Purpose: Surveillance
The golden moon can never stop in face of the need for mortal souls to traverse to it and return for rebirth: It wanders the sky and gathers the memories of the death - making it perfectly suited for the purpose of watching over its fellow captives and checking the memories of the death for contact with them.

Description:

Once her wheels had strewn sparks when their golden wheels touched the tips of mountains, her bright eyed laugh had created symphonies and tales alike. Her hands had reached out to lift great buildings from mortal minds and her presence had whispered into the ears of those gifted with visions of great new works and helped bring them into reality. She had bound across Creation as it is known to see it grow, to see it change, to see the rise of mortals and mountains alike.

Was it a surprise that nothing caught her fascination as much as the offspring of intelligent unions? Of minds both grand and small that came together and create new true or mortal life? Her golden wheels were emblazoned upon the first symbols mortals fastened upon their newborns cloth or crib - and her actual wagon was always open for the off-springs of her fellows, allowing her to show the new true life the world, its changes and its creations. Familiale bounds were holy to her - and in turn her name was used to enshrine them in mortal communities.

All this changed with the grand Betrayal and Apocalyptic Battle.

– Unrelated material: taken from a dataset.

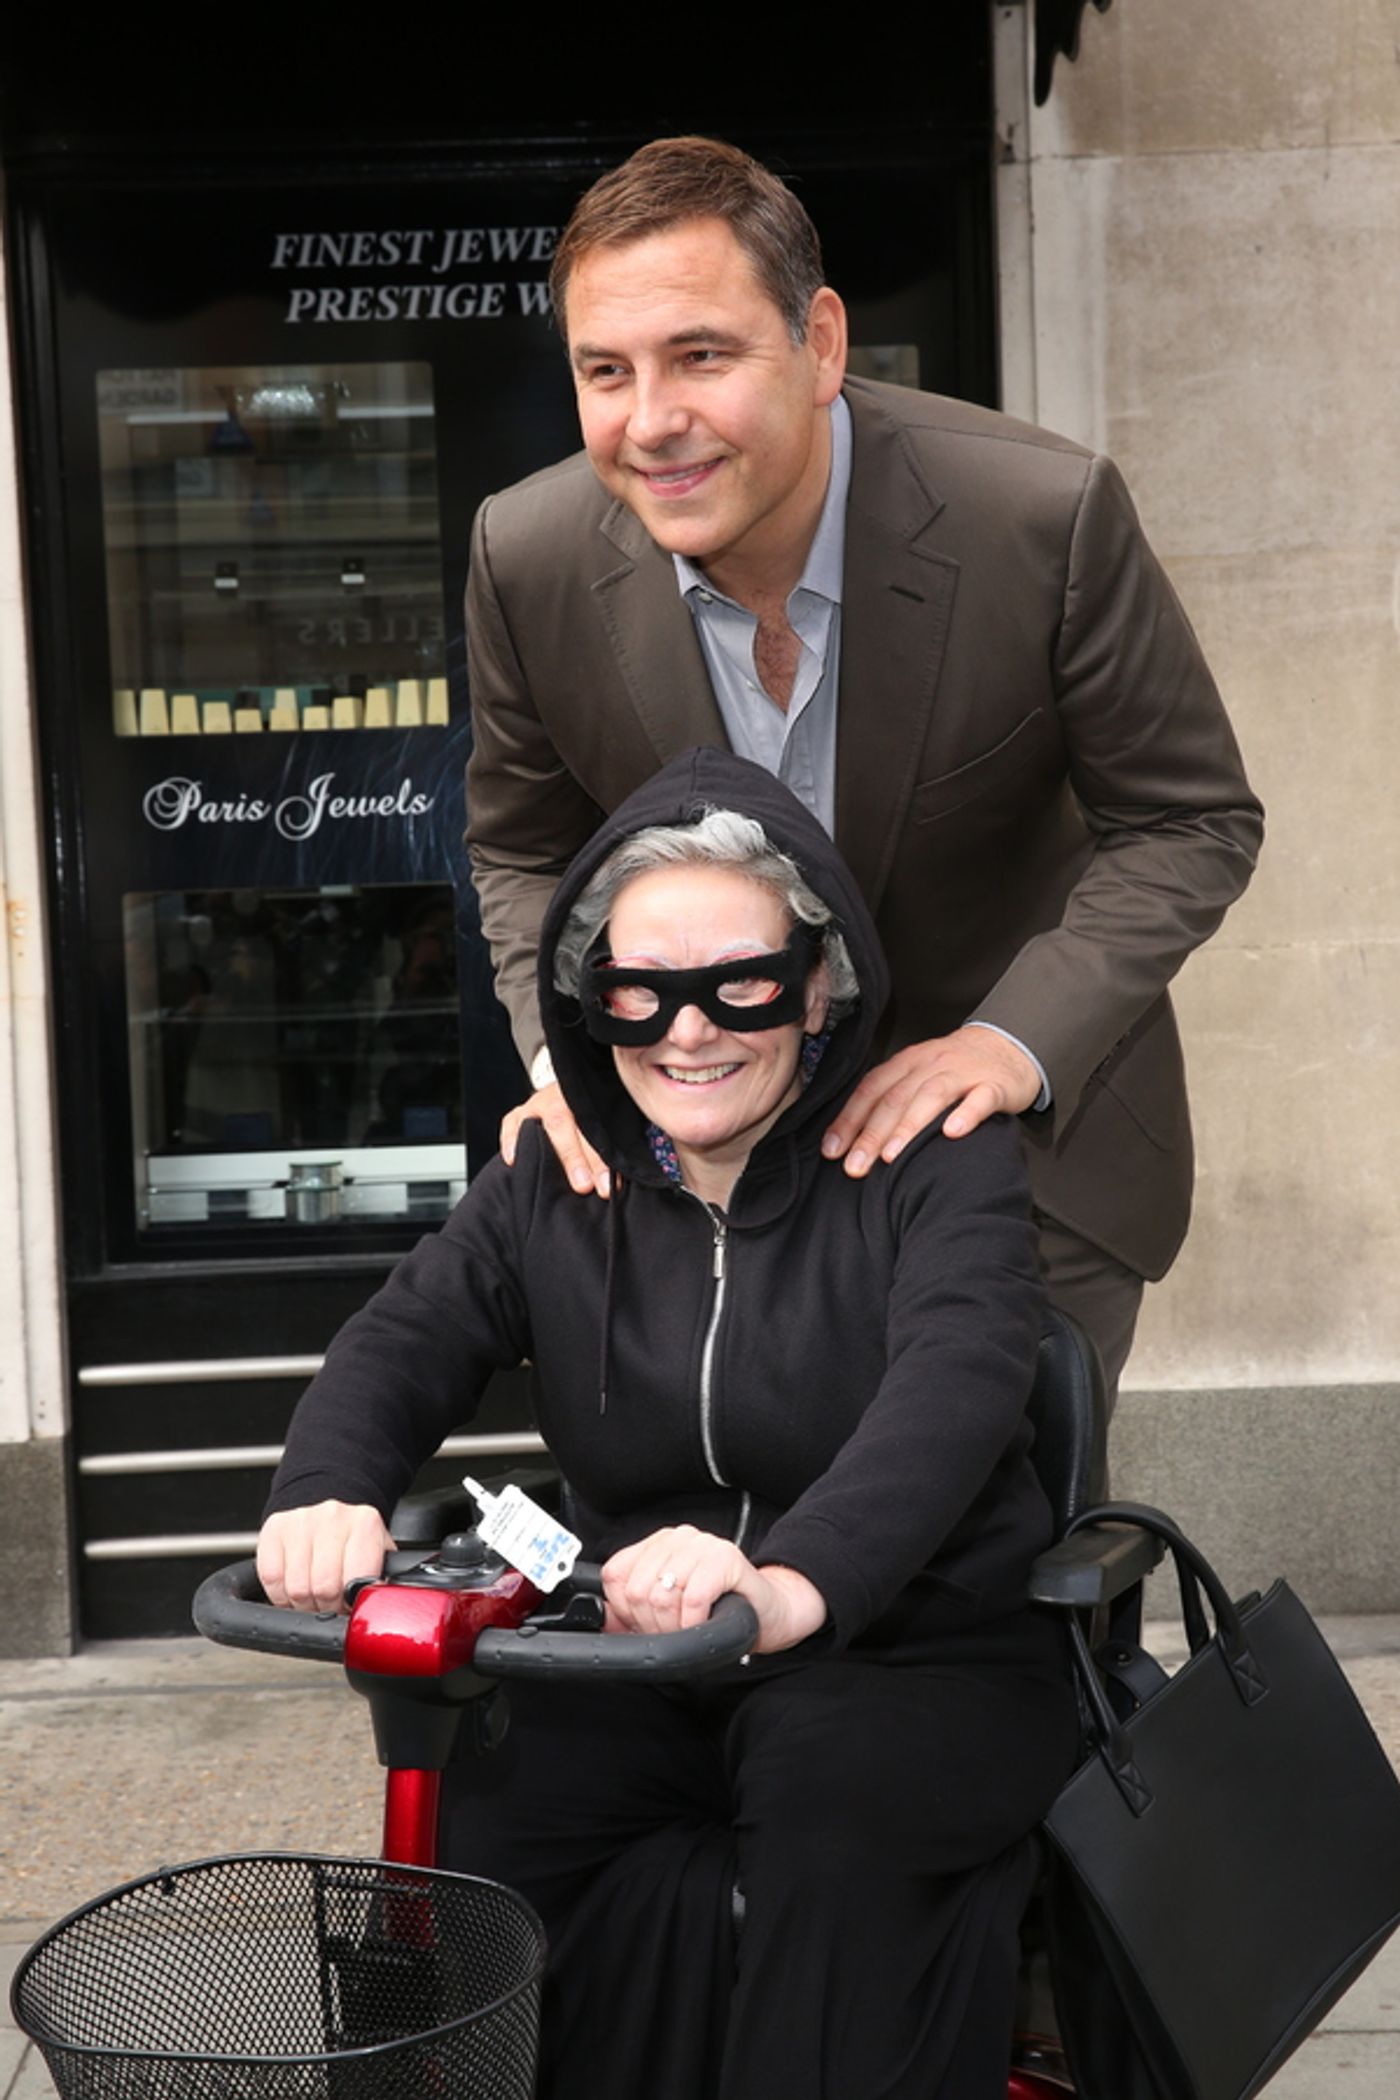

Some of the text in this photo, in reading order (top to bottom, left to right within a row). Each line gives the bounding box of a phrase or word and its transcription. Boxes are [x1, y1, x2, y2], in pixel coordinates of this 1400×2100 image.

As cities burned, as art turned into ash and beautiful minds were crushed beneath waves and earth, the golden moon changed its direction, changed its actions: the soft whisper turning into a desperate scream as families were torn asunder and all the growth was halted and ground to dust. Instead of whispering into the minds of mortals, the charioteer screamed into them, desperately pulling back what it had freely given, pulling back ideas and even souls as the mortals perished and what remained of them was poured into the depths of the moon, to be preserved - stockpiled - protected - something, anything to stop the end of all the things that had been made and had been built before.

She screamed - screamed and screamed - till she couldn't anymore, till her voice was torn out and the glorious whispers were replaced by a void: a sucking silence that continued to gather the souls of those that had perished, gathered and stockpiled them.... till she was forced to open her form, hooks and tendrils forced into her form, chaining her, turning what had been a desperate measure into something more permanent, something more refined - and torturous at the same time.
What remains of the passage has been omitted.